Activity:
Retype, exactly and with both ends included, the lines below from the one containing "Some of the words" through the end; omit the pictures.

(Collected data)
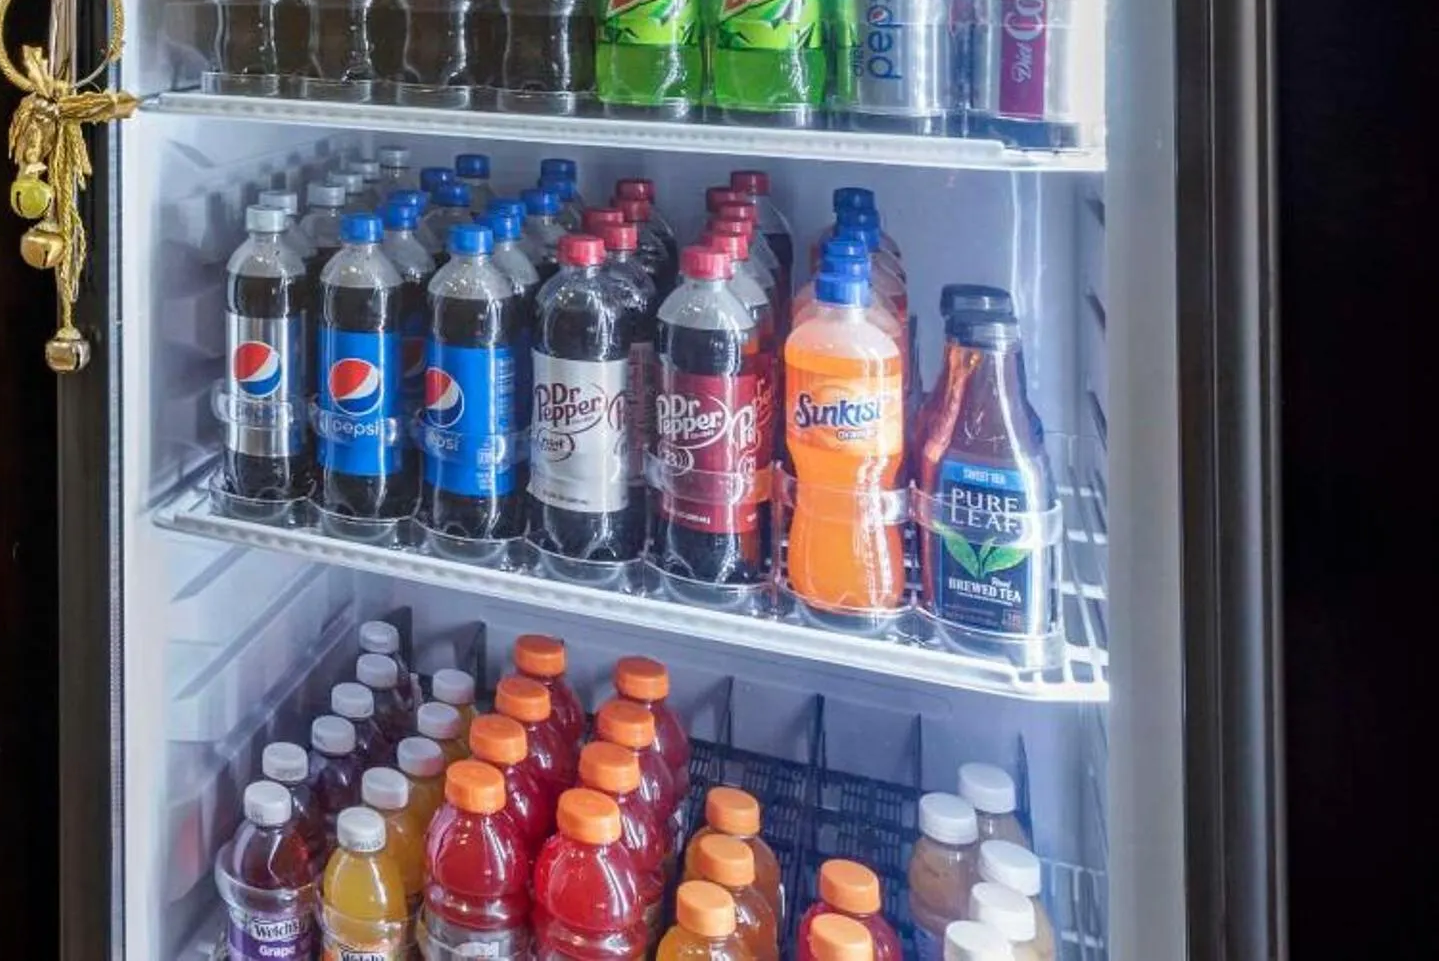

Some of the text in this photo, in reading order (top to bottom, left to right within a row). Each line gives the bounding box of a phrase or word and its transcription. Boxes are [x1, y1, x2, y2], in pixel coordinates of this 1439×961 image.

[1012, 41, 1033, 83] Diet
[534, 383, 602, 428] Pepper
[551, 382, 581, 405] Dr
[670, 393, 701, 418] Dr
[332, 419, 381, 438] pepsi
[655, 394, 723, 441] Pepper
[951, 487, 1019, 514] PURE
[951, 508, 1019, 533] LEAF
[948, 577, 997, 598] BREWED
[1000, 588, 1022, 604] TEA
[259, 944, 296, 958] Grape
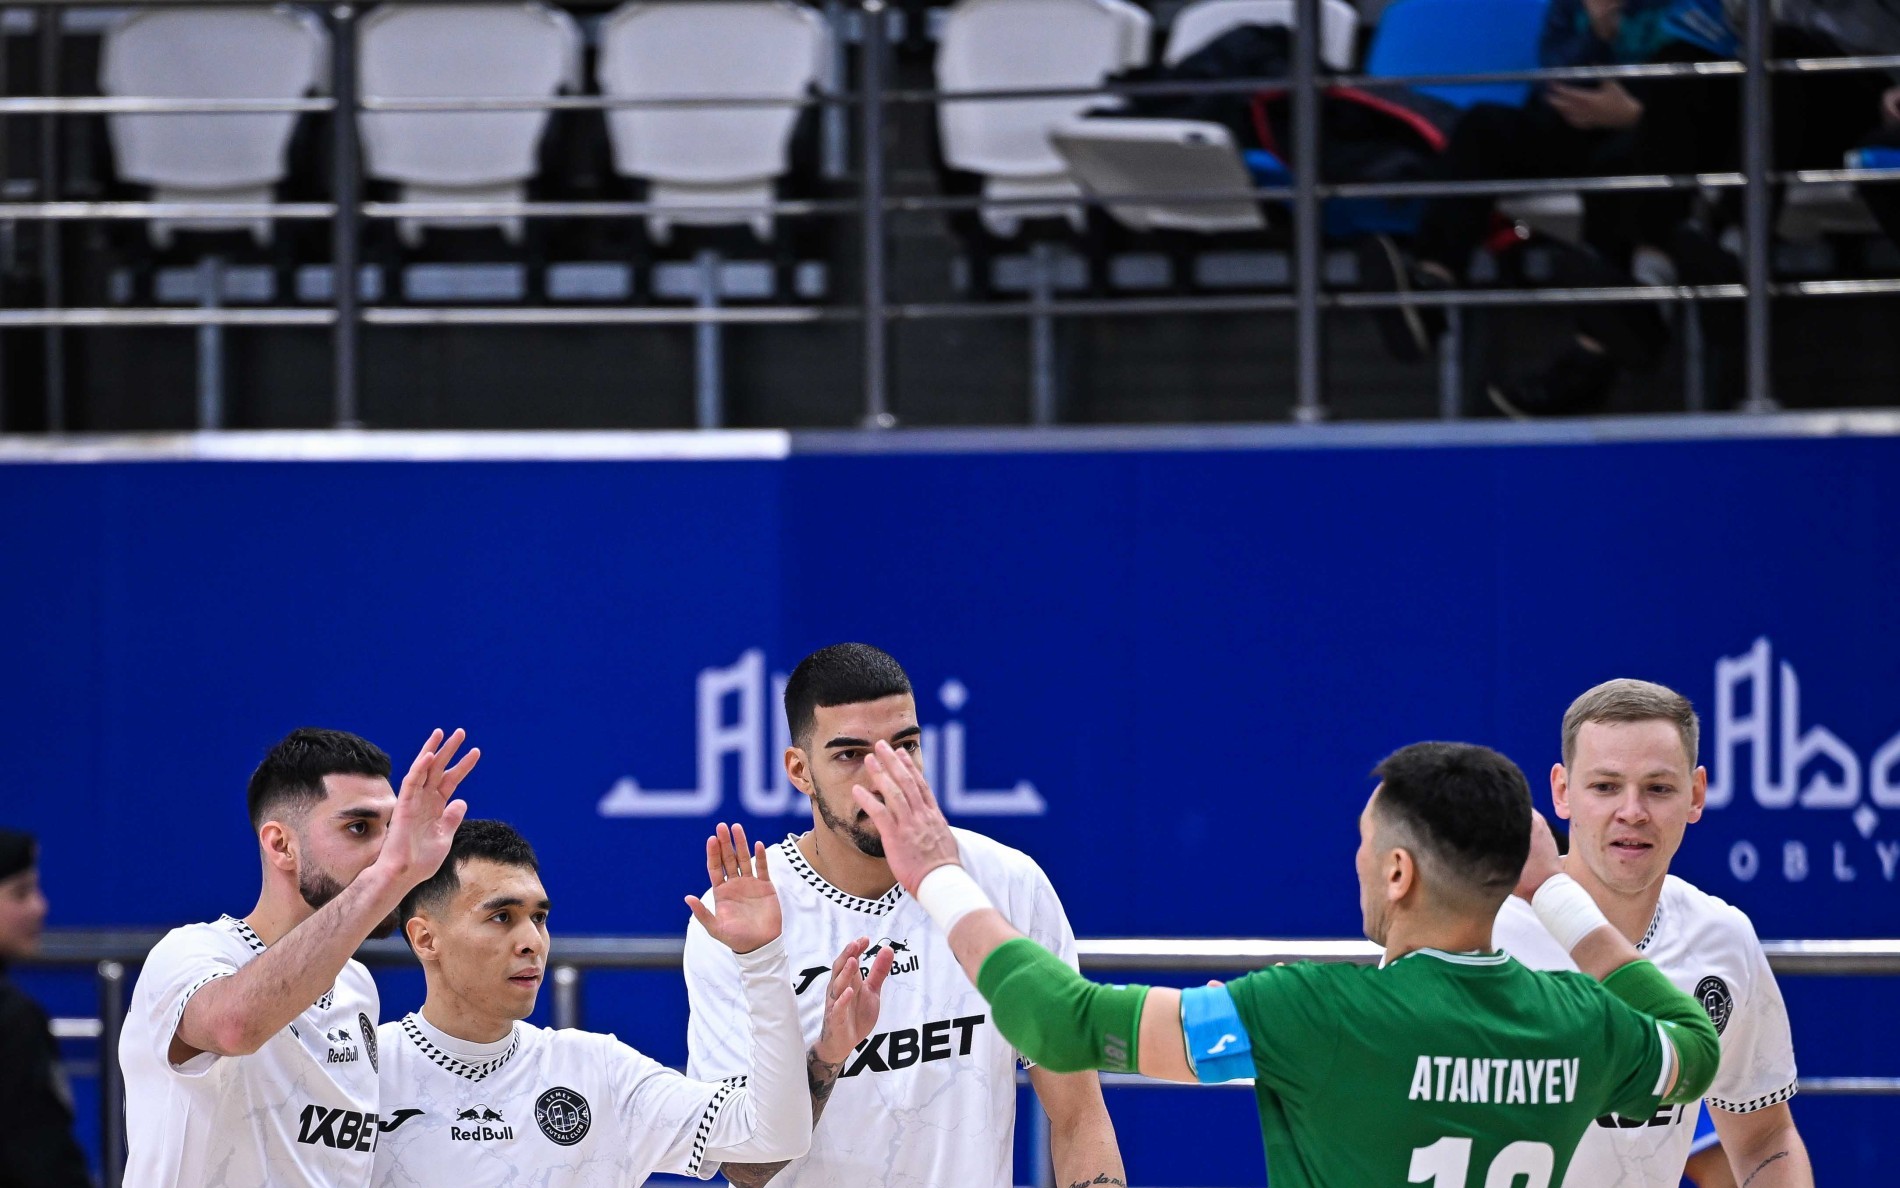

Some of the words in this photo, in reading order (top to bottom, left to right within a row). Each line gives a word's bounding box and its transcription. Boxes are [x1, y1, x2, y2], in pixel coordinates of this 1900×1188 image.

[838, 1013, 986, 1079] XBET
[545, 1092, 571, 1103] SEMEY
[1408, 1055, 1580, 1105] ATANTAYEV
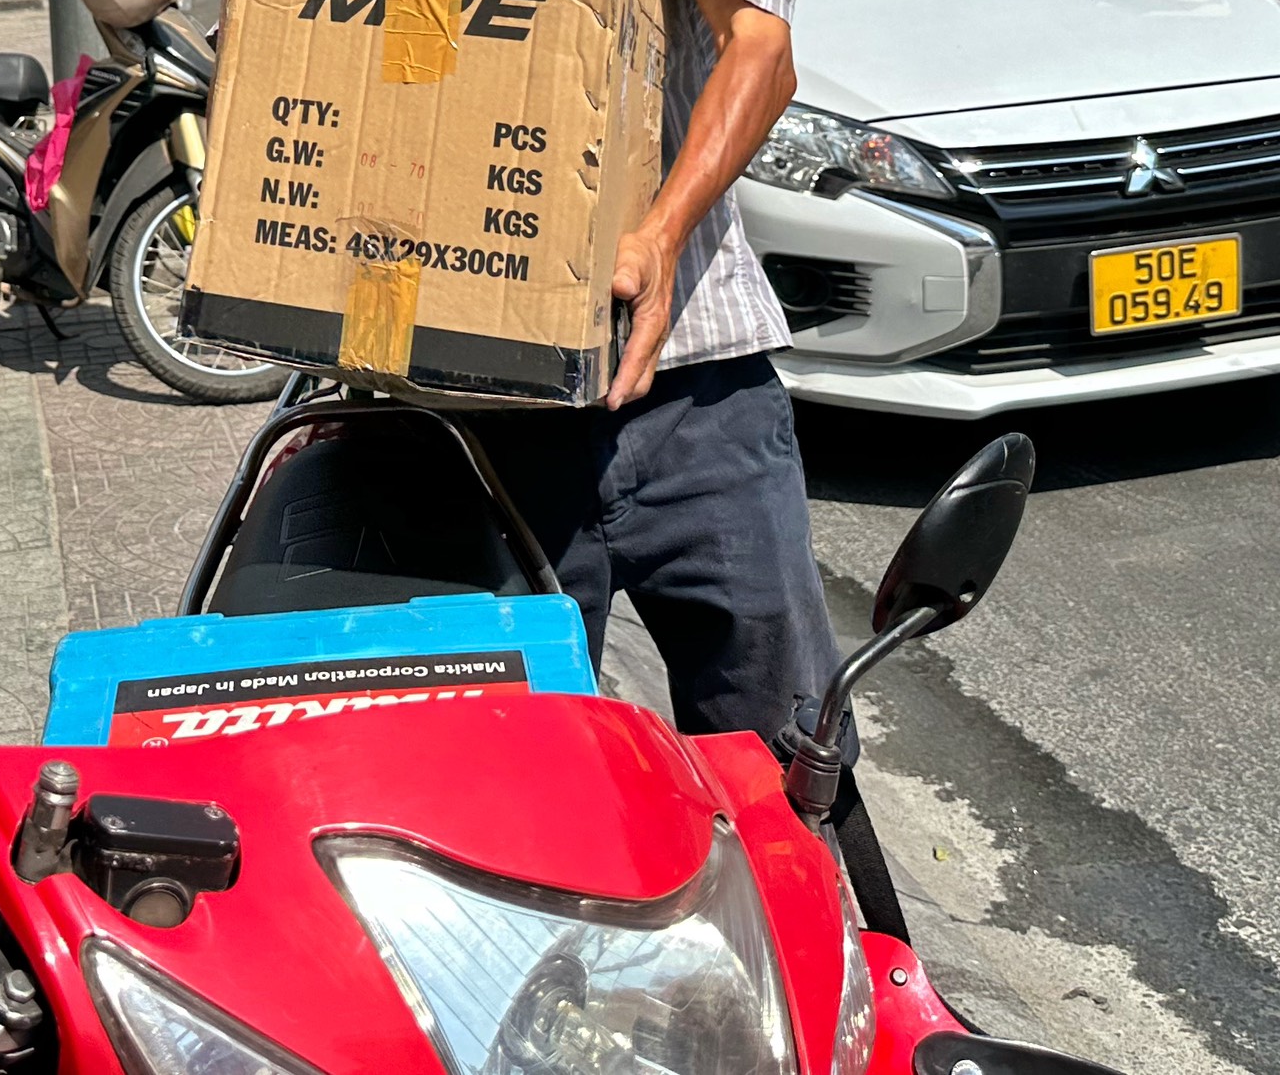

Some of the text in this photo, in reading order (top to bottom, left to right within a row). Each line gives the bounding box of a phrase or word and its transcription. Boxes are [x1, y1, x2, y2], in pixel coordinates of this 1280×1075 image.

[272, 95, 340, 128] Q'TY:
[266, 136, 325, 168] G.W:
[493, 122, 548, 153] PCS
[260, 177, 320, 210] N.W:
[487, 165, 543, 196] KGS
[483, 207, 540, 239] KGS
[254, 218, 530, 282] MEAS: 46X29X30CM
[1133, 247, 1197, 286] 50E
[1108, 281, 1224, 327] 059.49
[241, 671, 299, 689] Made
[304, 664, 429, 686] Corporation
[434, 660, 506, 677] Makita
[147, 680, 210, 700] Japan
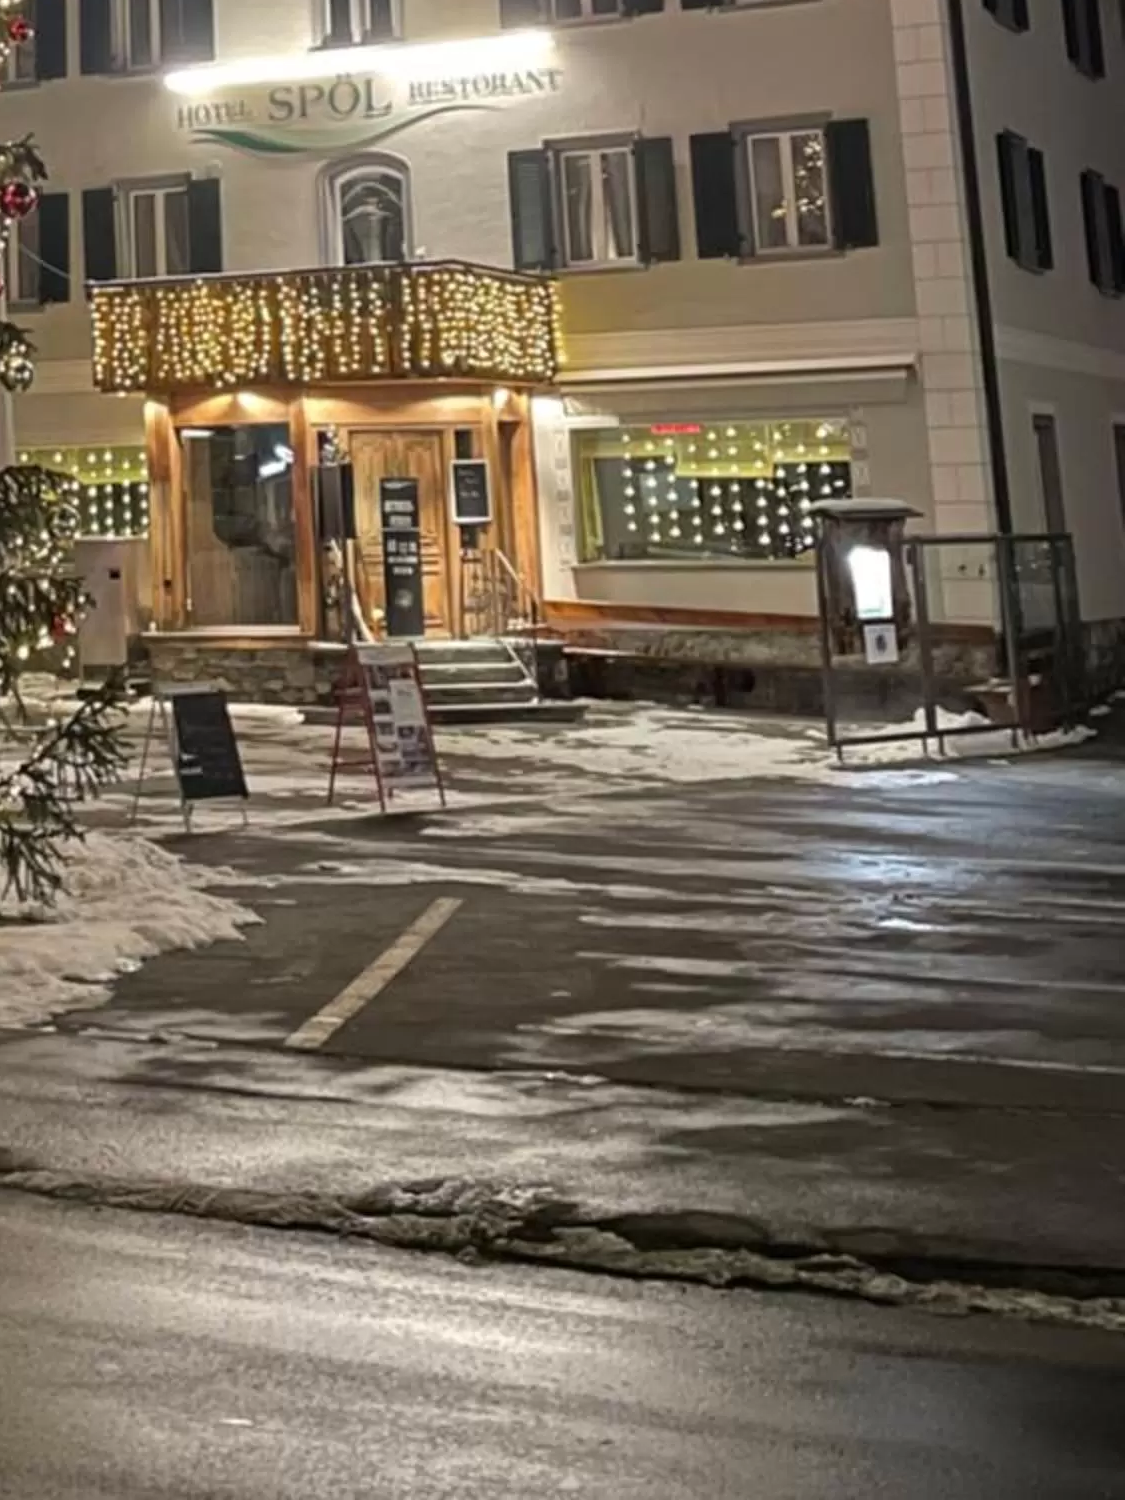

Result:
Some of the words in this photo, in reading order (top to bottom, left to right within a row). Each line gives a word's bounding box and its transcription. Boxes are [x1, y1, x2, y2], in pixel coordinates of this 1900×1188 image.

[838, 1013, 986, 1079] XBET
[545, 1092, 571, 1103] SEMEY
[1408, 1055, 1580, 1105] ATANTAYEV

Some of the text in this photo, in reading order (top to bottom, left to right within a row). Each line gives the bounding box of a phrase or word and its transcription. Boxes are [x1, y1, x2, y2], in pixel coordinates of this 1280×1075 image.

[272, 95, 340, 128] Q'TY:
[266, 136, 325, 168] G.W:
[493, 122, 548, 153] PCS
[260, 177, 320, 210] N.W:
[487, 165, 543, 196] KGS
[483, 207, 540, 239] KGS
[254, 218, 530, 282] MEAS: 46X29X30CM
[1133, 247, 1197, 286] 50E
[1108, 281, 1224, 327] 059.49
[241, 671, 299, 689] Made
[304, 664, 429, 686] Corporation
[434, 660, 506, 677] Makita
[147, 680, 210, 700] Japan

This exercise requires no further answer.